Task instructions >> Once you find the line with "this 901×1600 image.", transcribe it and all the lines that follow to the end of the data, exactly as written; skip any pictures.

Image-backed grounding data
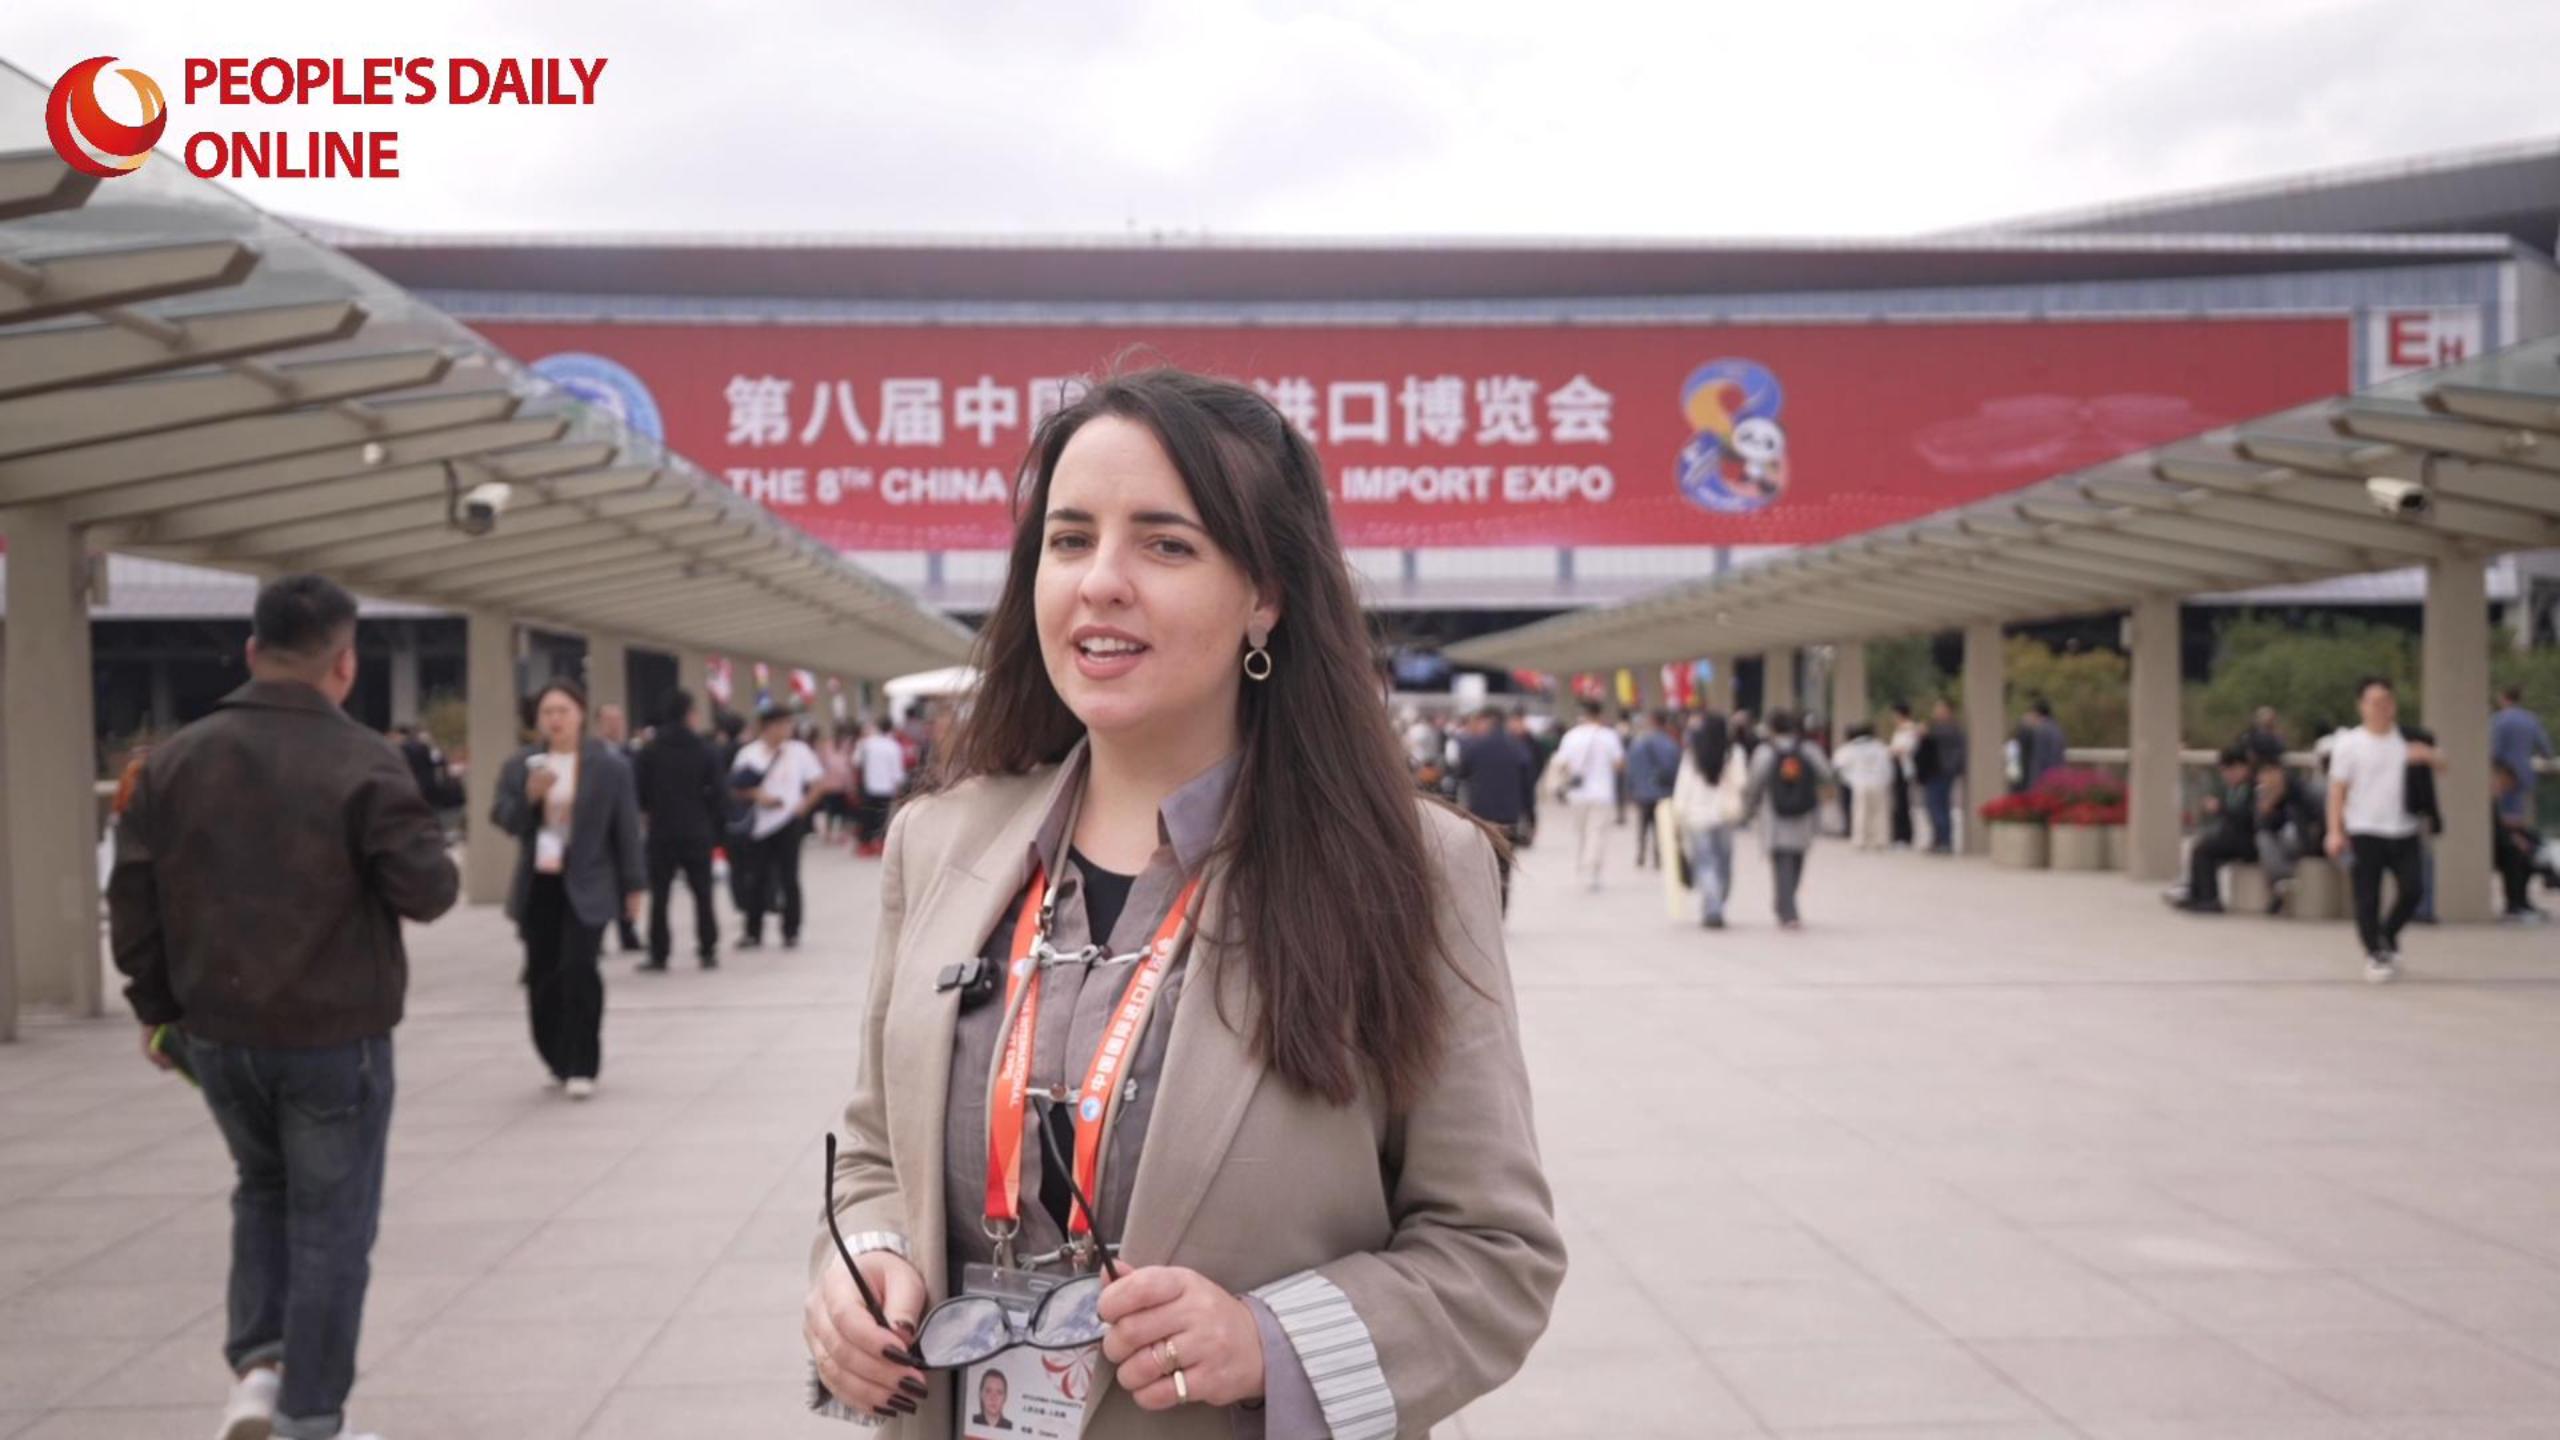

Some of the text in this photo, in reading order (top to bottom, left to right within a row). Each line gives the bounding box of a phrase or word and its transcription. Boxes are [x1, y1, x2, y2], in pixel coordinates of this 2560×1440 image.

[725, 467, 807, 504] THE
[880, 467, 1009, 504] CHINA
[1342, 466, 1493, 502] IMPORT
[1503, 466, 1614, 502] EXPO
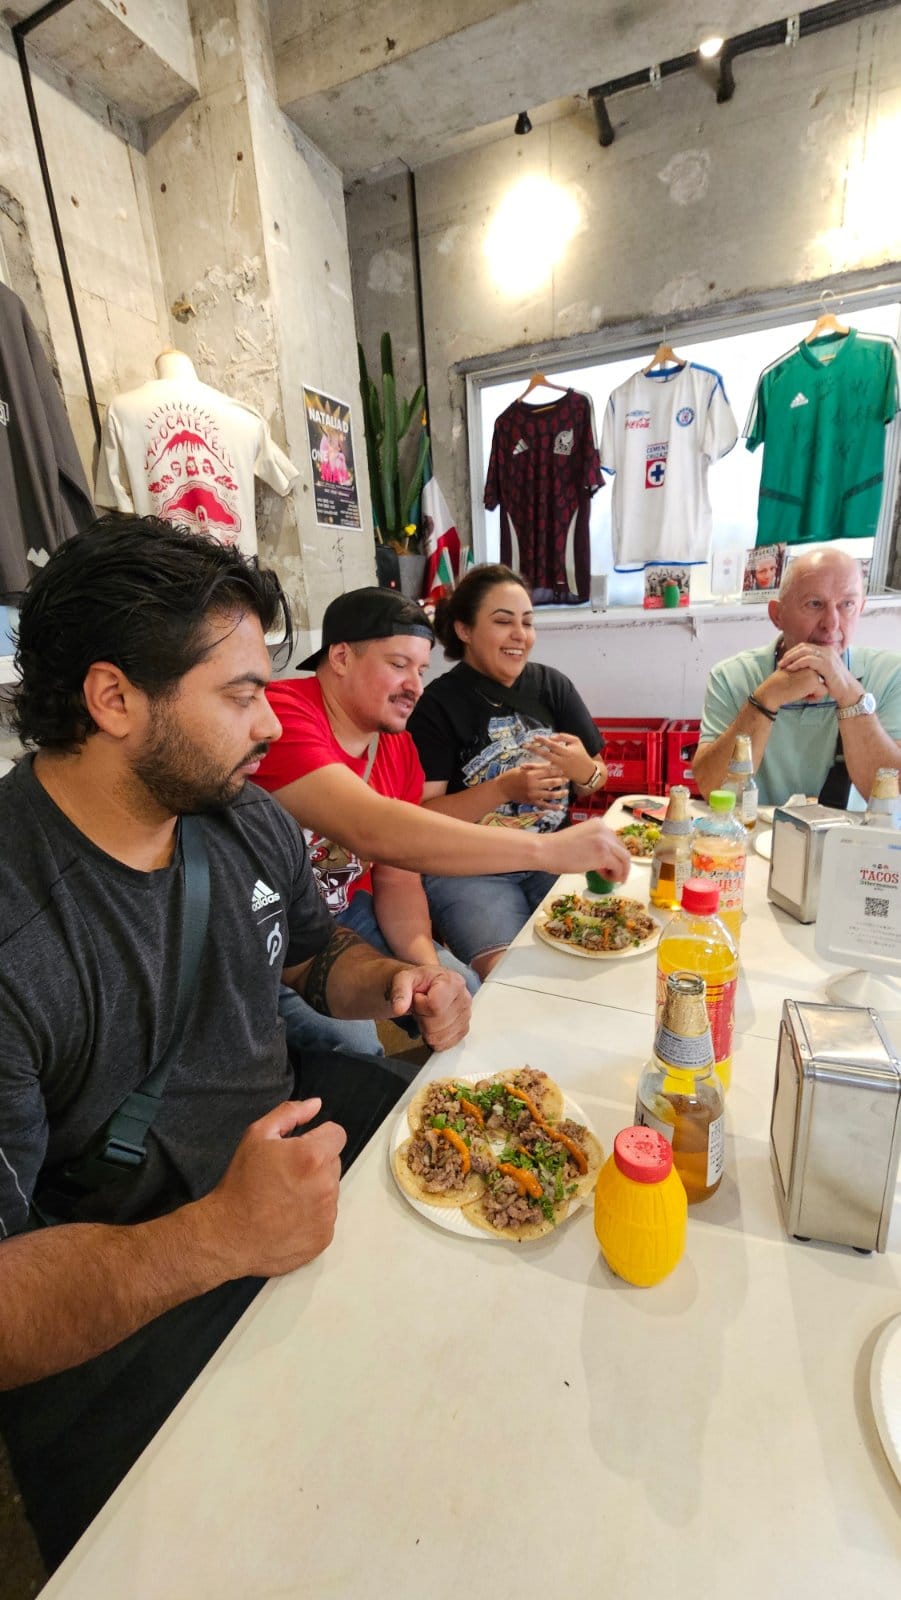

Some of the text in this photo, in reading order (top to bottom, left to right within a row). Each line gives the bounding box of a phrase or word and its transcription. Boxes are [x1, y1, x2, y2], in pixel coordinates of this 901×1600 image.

[646, 445, 669, 454] CEMENT
[859, 869, 900, 884] TACOS
[252, 893, 280, 911] adidas
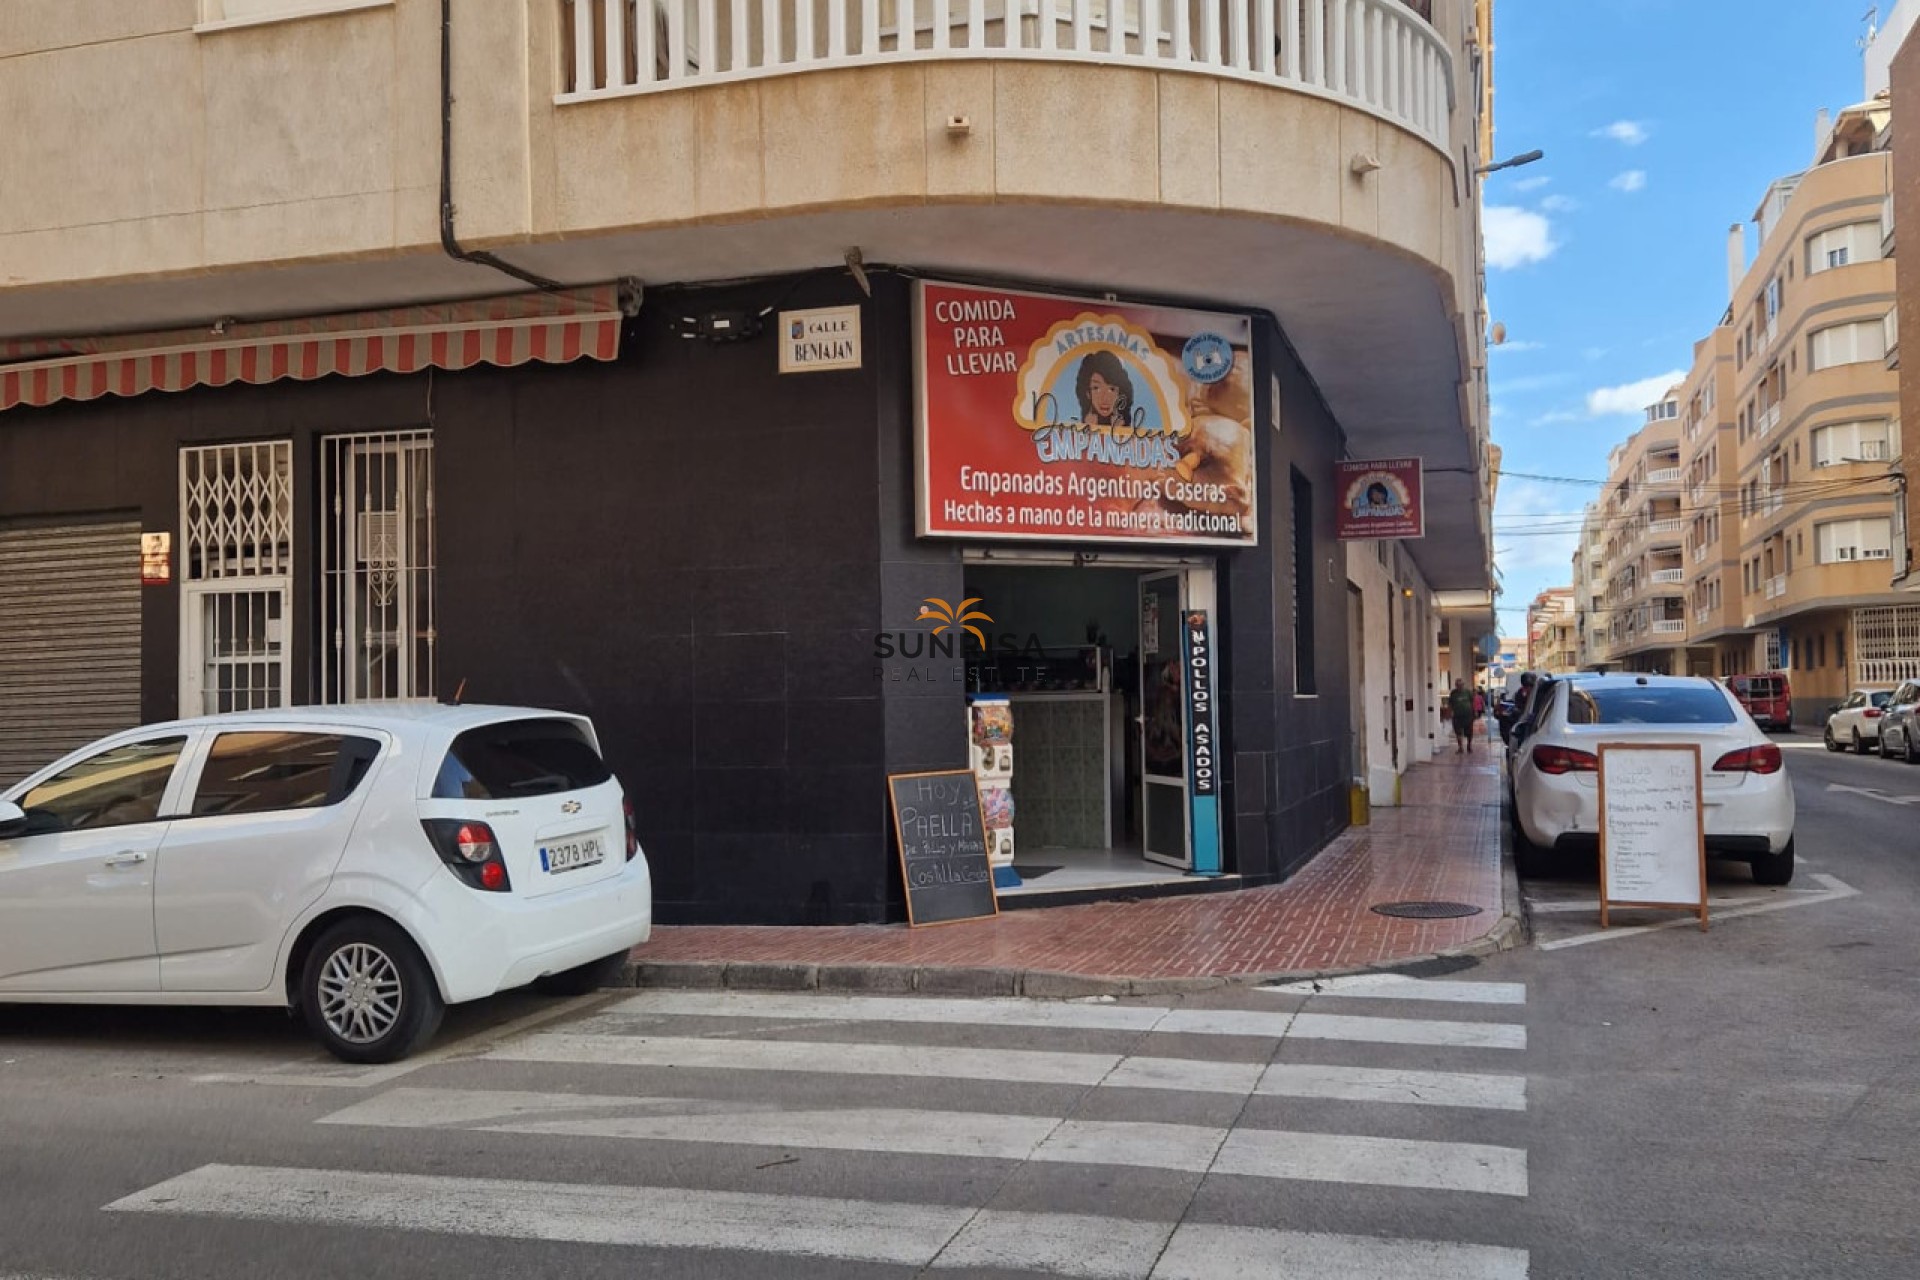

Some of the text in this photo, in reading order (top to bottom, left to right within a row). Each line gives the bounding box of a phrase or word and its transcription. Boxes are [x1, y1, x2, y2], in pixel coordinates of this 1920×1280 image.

[935, 299, 1016, 323] COMIDA
[809, 320, 850, 334] CALLE
[954, 325, 1005, 349] PARA
[794, 340, 853, 362] BENIAJAN
[1056, 326, 1151, 360] ARTESANAS
[947, 350, 1018, 375] LLEVAR
[1036, 427, 1182, 470] EMPANADAS
[961, 465, 1227, 503] Empanadas Argentinas Caseras
[944, 499, 1243, 533] Hechas a mano de la manera tradicional
[1194, 722, 1212, 790] ASADOS
[549, 839, 604, 867] 2378 HPL

Exercise output >>
Some of the text in this photo, in reading order (top to bottom, left to right within a row). Each line gives the bounding box of a phrase or word and its transcription. Boxes are [x1, y1, x2, y2], in pixel coordinates of this 901×1600 image.

[646, 445, 669, 454] CEMENT
[859, 869, 900, 884] TACOS
[252, 893, 280, 911] adidas

Some of the text in this photo, in reading order (top to bottom, left to right within a row). Each line gives the bounding box of a phrase or word and its transcription. Boxes are [x1, y1, x2, y2], in pixel coordinates of this 1920×1280 image.

[935, 299, 1016, 323] COMIDA
[809, 320, 850, 334] CALLE
[954, 325, 1005, 349] PARA
[794, 340, 853, 362] BENIAJAN
[1056, 326, 1151, 360] ARTESANAS
[947, 350, 1018, 375] LLEVAR
[1036, 427, 1182, 470] EMPANADAS
[961, 465, 1227, 503] Empanadas Argentinas Caseras
[944, 499, 1243, 533] Hechas a mano de la manera tradicional
[1194, 722, 1212, 790] ASADOS
[549, 839, 604, 867] 2378 HPL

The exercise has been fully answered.